Gymnastics bodies never told of allegations against Ottawa coach
No charges laid against Scott McFarlane in 2013 after Tumblers gymnast, 12, went to Ottawa police
Neither Gymnastics Canada nor Gymnastics Ontario were made aware of previous allegations against an Ottawa coach now charged with sexual assault and child luring in a separate case, the governing bodies say.
Scott McFarlane, 28, appeared in court on Monday on five charges involving a young gymnast in Mississauga, Ont., where he coached from 2013 to 2017.
The girl, now 15, complained to Peel Regional Police last month about incidents alleged to have occurred over a four-year period while McFarlane worked at the gym.
- Gymnastics coach fired in 2013 for alleged inappropriate relationship
- Gymnastics coach charged with sexual assault
Unbeknownst to either the owner of the gym, or to the sport's national and Ontario governing bodies, another young gymnast had accused McFarlane of inappropriate behaviour nearly five years earlier, when he coached at Tumblers Gymnastics Centre in Orléans.
In a statement from Tumblers late Thursday, the gym said the parents of a 12-year-old gymnast went to Ottawa police with complaints of an inappropriate relationship in April 2013.
The gym said police investigated but did not lay any charges. Ottawa police would not comment.
McFarlane, who worked at Tumblers from 2005 to 2013, had sent the girl several inappropriate messages including shirtless photos of himself, according to former employees. He was fired about a week after the allegations were made.
Within a week of his firing, McFarlane was hired at Manjak's Gymnastics, an elite training facility in Mississauga.
He would go on to coach gymnastics for another four years in Ontario, B.C., Saskatchewan and Quebec.
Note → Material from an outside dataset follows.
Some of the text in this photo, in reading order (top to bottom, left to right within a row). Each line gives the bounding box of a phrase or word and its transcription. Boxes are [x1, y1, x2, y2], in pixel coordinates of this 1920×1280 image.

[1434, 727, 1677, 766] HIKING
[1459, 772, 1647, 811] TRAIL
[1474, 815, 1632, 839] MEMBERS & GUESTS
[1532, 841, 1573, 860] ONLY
McFarlane is now suspended indefinitely from coaching across Canada.
Tumblers has previously said it contacted all "appropriate authorities" after the 2013 allegations were made.
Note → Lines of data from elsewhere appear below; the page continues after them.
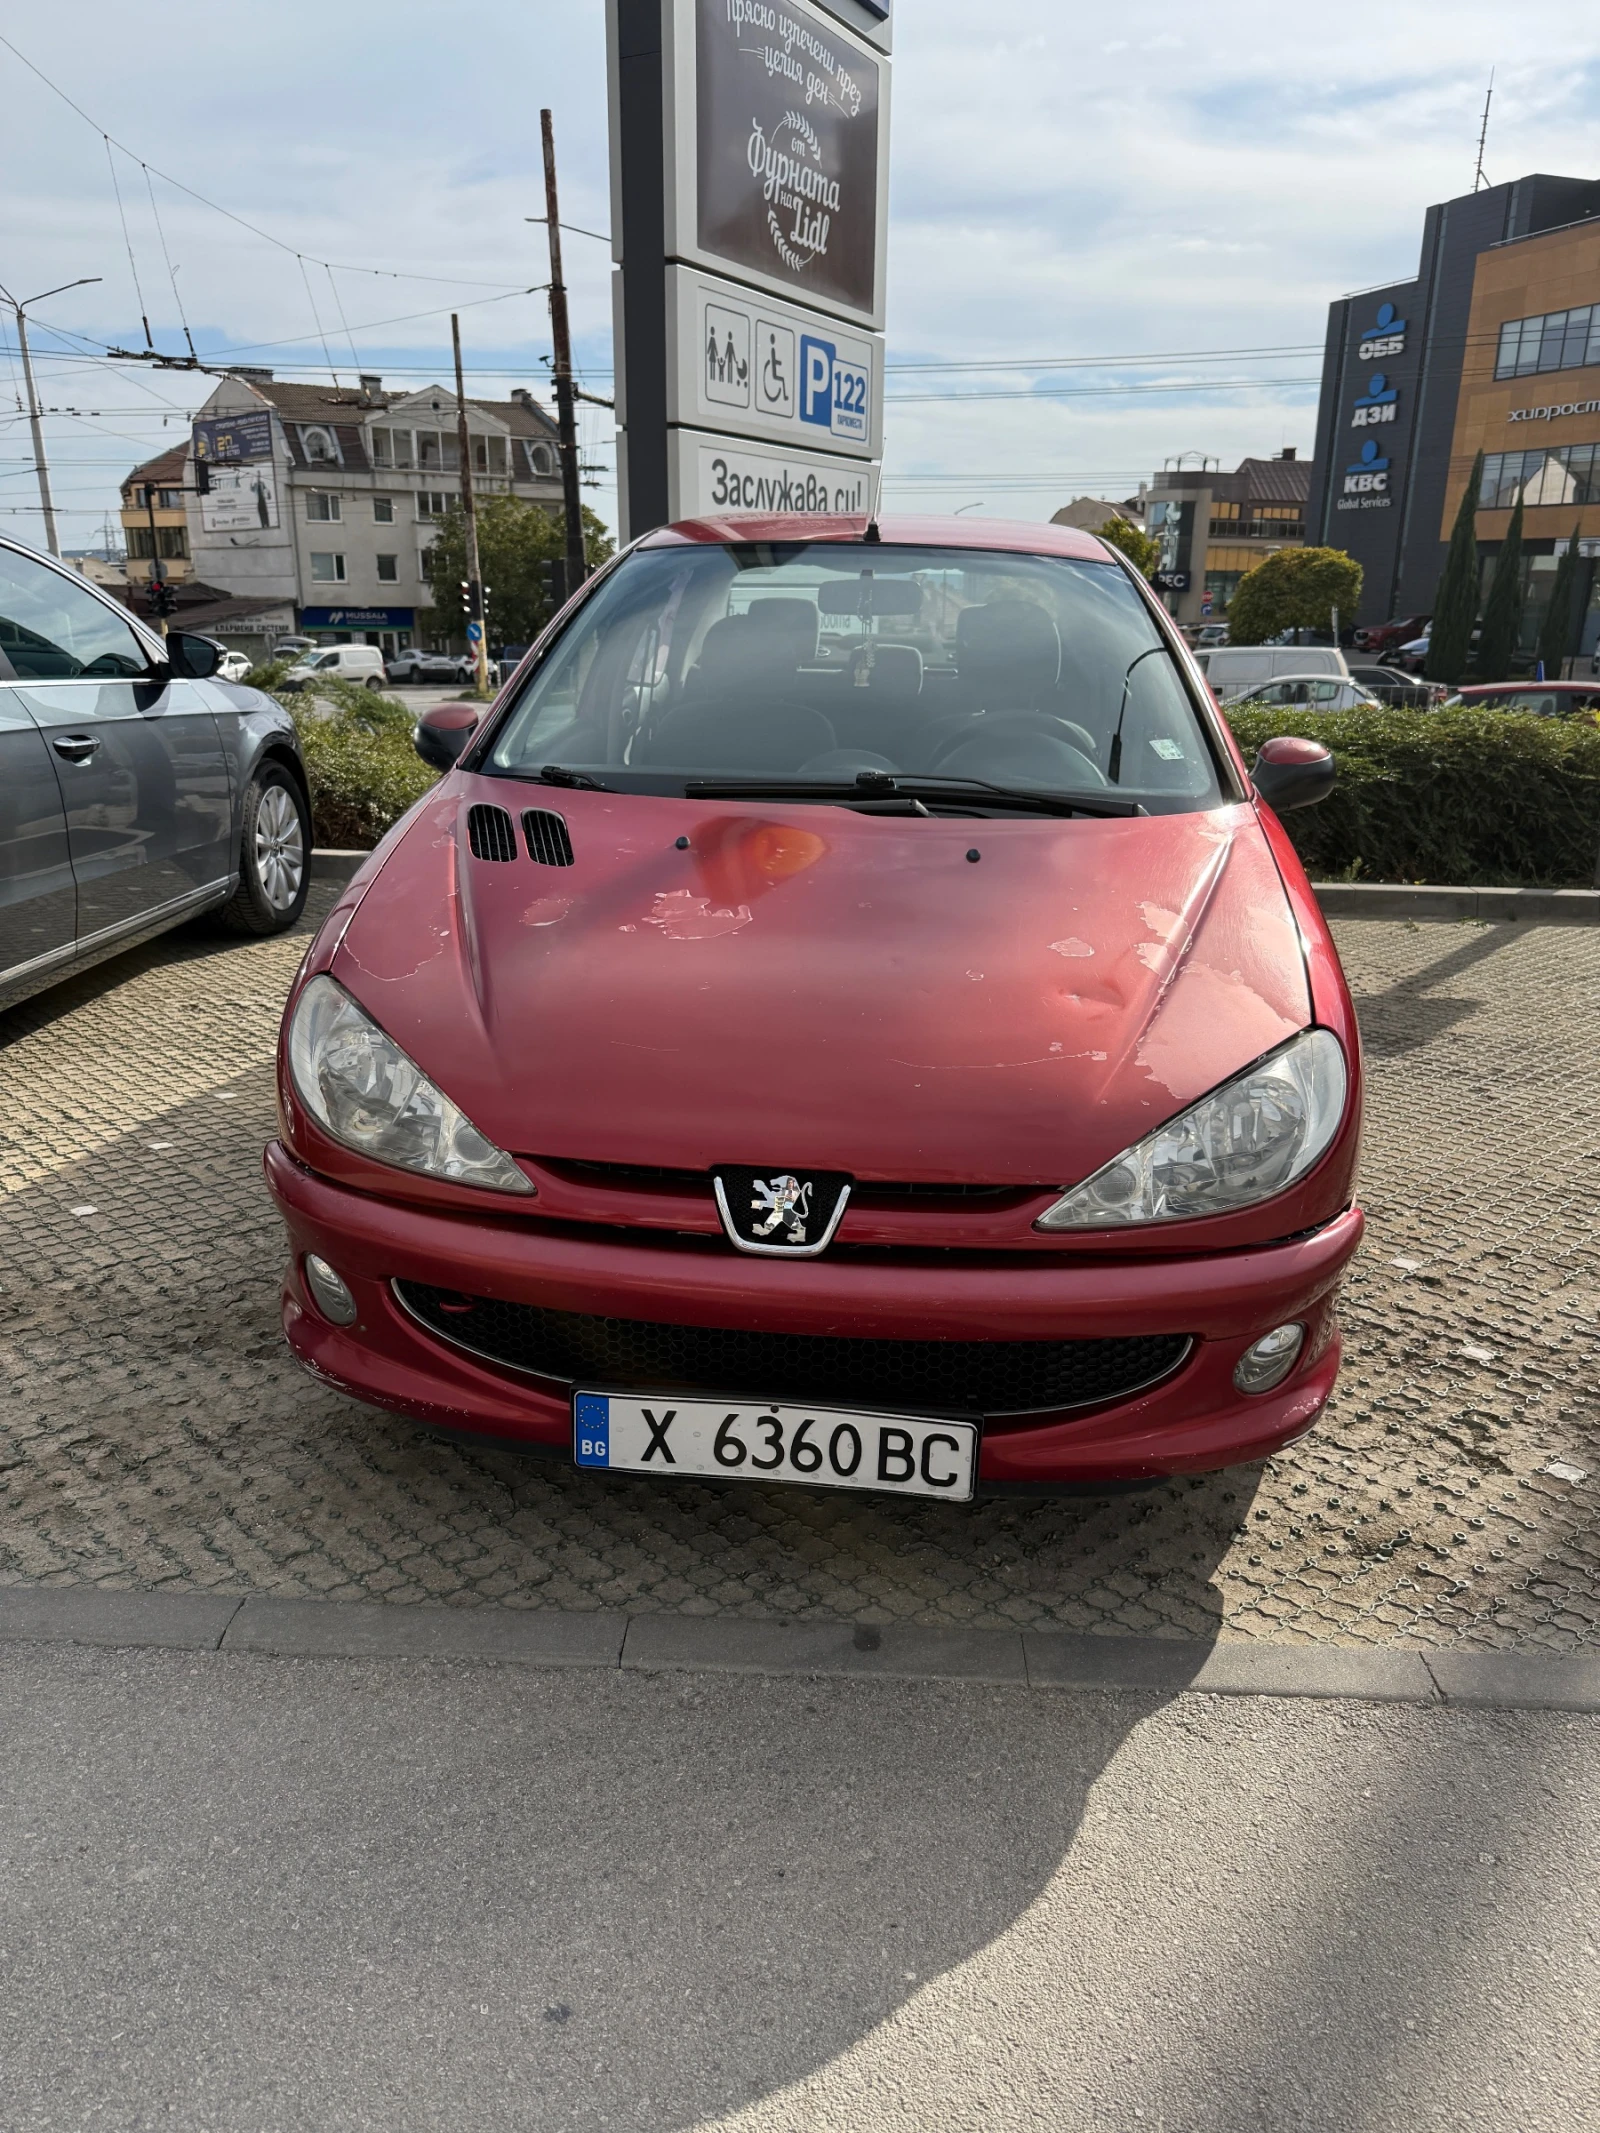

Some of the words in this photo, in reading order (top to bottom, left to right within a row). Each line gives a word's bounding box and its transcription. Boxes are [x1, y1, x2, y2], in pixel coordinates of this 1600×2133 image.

[764, 46, 803, 85] целия
[806, 71, 828, 105] ден
[779, 14, 835, 75] изпечени
[836, 64, 861, 117] през
[747, 117, 840, 212] Фурната
[791, 137, 805, 157] от
[780, 190, 792, 210] на
[790, 196, 830, 255] Lidl
[1359, 334, 1404, 360] ОББ
[806, 344, 830, 416] P
[834, 371, 865, 415] 122
[1351, 404, 1396, 428] ДЗИ
[711, 458, 828, 512] Заслужава
[1344, 473, 1387, 493] KBC
[1337, 498, 1359, 510] Global
[1360, 496, 1391, 509] Services
[345, 611, 388, 620] MUSSALA
[582, 1439, 606, 1456] BG
[641, 1408, 677, 1464] X
[713, 1413, 862, 1477] 6360
[877, 1426, 960, 1487] BC
However, Gymnastics Ontario CEO Dave Sandford said his organization was "never made aware" of allegations against McFarlane during his time coaching in Ottawa.
And while Gymnastics Canada has a "zero-tolerance policy" for behaviour that puts the safety of athletes at risk, the organization was not informed of the 2013 allegations because Tumblers deemed the reasons behind the firing a "human resources matter," according to Gymnastics Canada spokersperson Julie Forget.
Karl Balisch, general manager of Tumblers at the time of McFarlane's firing, is now a member of the executive at Gymnastics Canada.
Balisch refused to comment because he no longer works at Tumblers, Forget said.
Kelly Manjak, owner of Manjak's gym, told CBC News he had no knowledge of McFarlane's past allegations when he hired him in the spring of 2013.
'We moved on pretty fast'
Manjak said he was alerted to the firing months after hiring McFarlane, but was told the coach was dismissed over a "social media" issue.
"We moved on pretty fast from [McFarlane's record in Ottawa], actually. He was doing a great job and we didn't feel like he was doing anything wrong at that time," Manjak said earlier this week.
However Tumblers said Thursday the gym "explained the reason" behind McFarlane's firing to Manjak, and advised the Mississauga gym later in 2013 about ongoing concerns that McFarlane had continued to contact young gymnasts in Ottawa.
Tumblers said it sent a letter to McFarlane asking him to cease any further communications with its athletes, but has had no contact with the coach since 2014.
Earlier this week Tumblers reached out to parents and gymnasts to encourage them to come forward to Peel police to aid the investigation, according to a statement. The gym also said it has made counselling available to anyone who needs it.
McFarlane has been released on bail and his next court appearance is scheduled for Feb. 28 in Brampton, Ont.